AHPs in mental health practice can work in a wide range of service settings including primary care, community, hospital, education, criminal justice, community voluntary sectors. Positioned across care pathways, settings, and age groups, AHPs bring expertise and efficiency to services by:

  • Bringing connectivity of physical and mental health interventions to tackle health inequalities.
  • Help maintain healthy lifestyles through health promoting intervention.
  • Delivering specialist early and longer-term, mental health intervention with users of services, their families, and carer's.
  • Working with people with mild-moderate conditions through to those with complex care needs.
  • Offering a diverse range of assessments and interventions to support people‘s rehabilitation and recovery.
  • Enabling integrated pathways for services users to have all their needs addressed.
  • Working in multi professional roles and in extended role practice, such as care co-ordinators, advanced and consultant practitioners, and in the responsible clinician role (occupational therapists).
  • Developing integrated care pathways to provide a strategic overview for commissioning activities.

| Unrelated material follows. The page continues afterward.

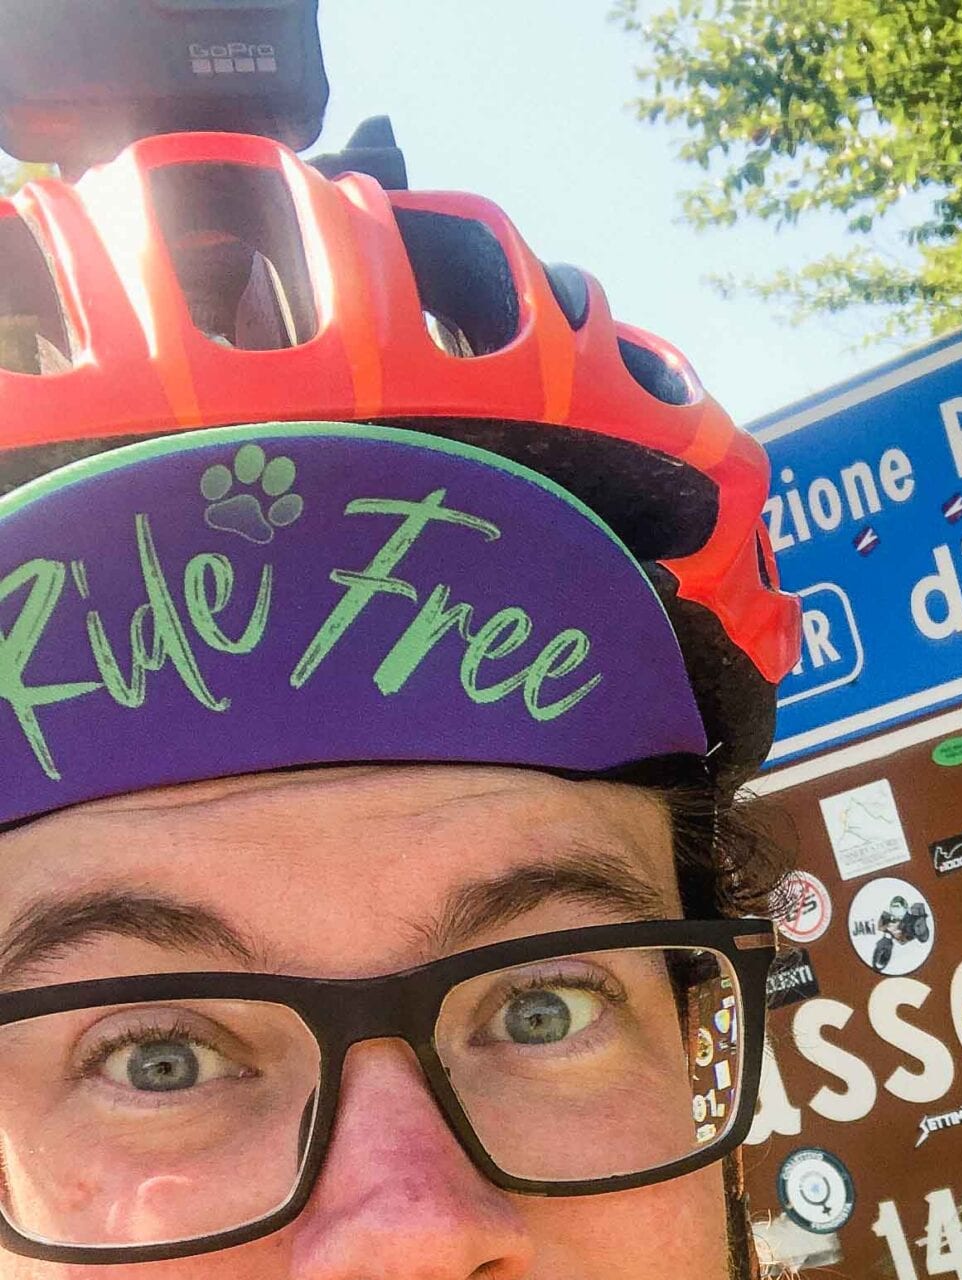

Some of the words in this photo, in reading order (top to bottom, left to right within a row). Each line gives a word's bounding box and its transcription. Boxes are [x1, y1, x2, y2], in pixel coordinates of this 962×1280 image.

[187, 42, 274, 58] GoPro
[0, 513, 273, 781] Ride
[291, 488, 603, 722] Free

Working in partnership with the person and their family, the multidisciplinary team, and local communities to optimise and maintain the person’s physical and mental health, function, and quality of lifeIn mental health settings, AHPs are specifically employed to support persons experiencing mental illness.

Art therapists 

Art therapists offer psychological therapies which are not solely reliant on verbal communication. Art-making and creative, sensory, and engaging approaches are used to assist people to explore and express feelings, emotions, and distress in a safe, contained therapeutic space.

Dietitians 

Dietitians understand the complex relationship between nutrition, mental health, and the impact on physical health. Their intervention helps to manage dietary concerns that are related to a person’s mental health conditions.

Drama therapists 

Drama therapists offer psychological therapies to enable people to express emotion. Interventions may include drama, story-making, and movement to enable people to explore a wide variety of different issues in an indirect way leading to psychological, emotional, and social changes.

Music therapists

Music therapists offer psychological therapies which use the innate qualities of music, musical instruments, and the voice to explore and express feelings and emotions. They help people to use music-making to explore and connect with the world and express themselves.

Occupational therapists 

Occupational therapists  have expertise in rehabilitation, enabling people to recover their independence and participation in everyday life activities (occupations) which hold personal importance and meaning. They are dual trained in mental and physical healthcare at the pre-registration level.

Paramedics 

​Paramedics typically employed as first responders in emergency services, paramedics assess patients’ mental health and physical health. They can employ essential community treatment to reduce unnecessary and stressful hospital admission for those with mental health conditions.

Physiotherapists 

Physiotherapists provide preventative health interventions, physiotherapeutic treatment, and individualised exercise/rehabilitation programs to optimize wellbeing, promote independence, functional movement, and physical activity.

Speech and language therapists 

Speech and language therapists have expertise in enabling people to understand the nature and impact of their communication difficulties to help them participate in decisions about their care and engage in psychological therapies to support recovery. They support people with swallowing problems who are at risk of aspiration and choking.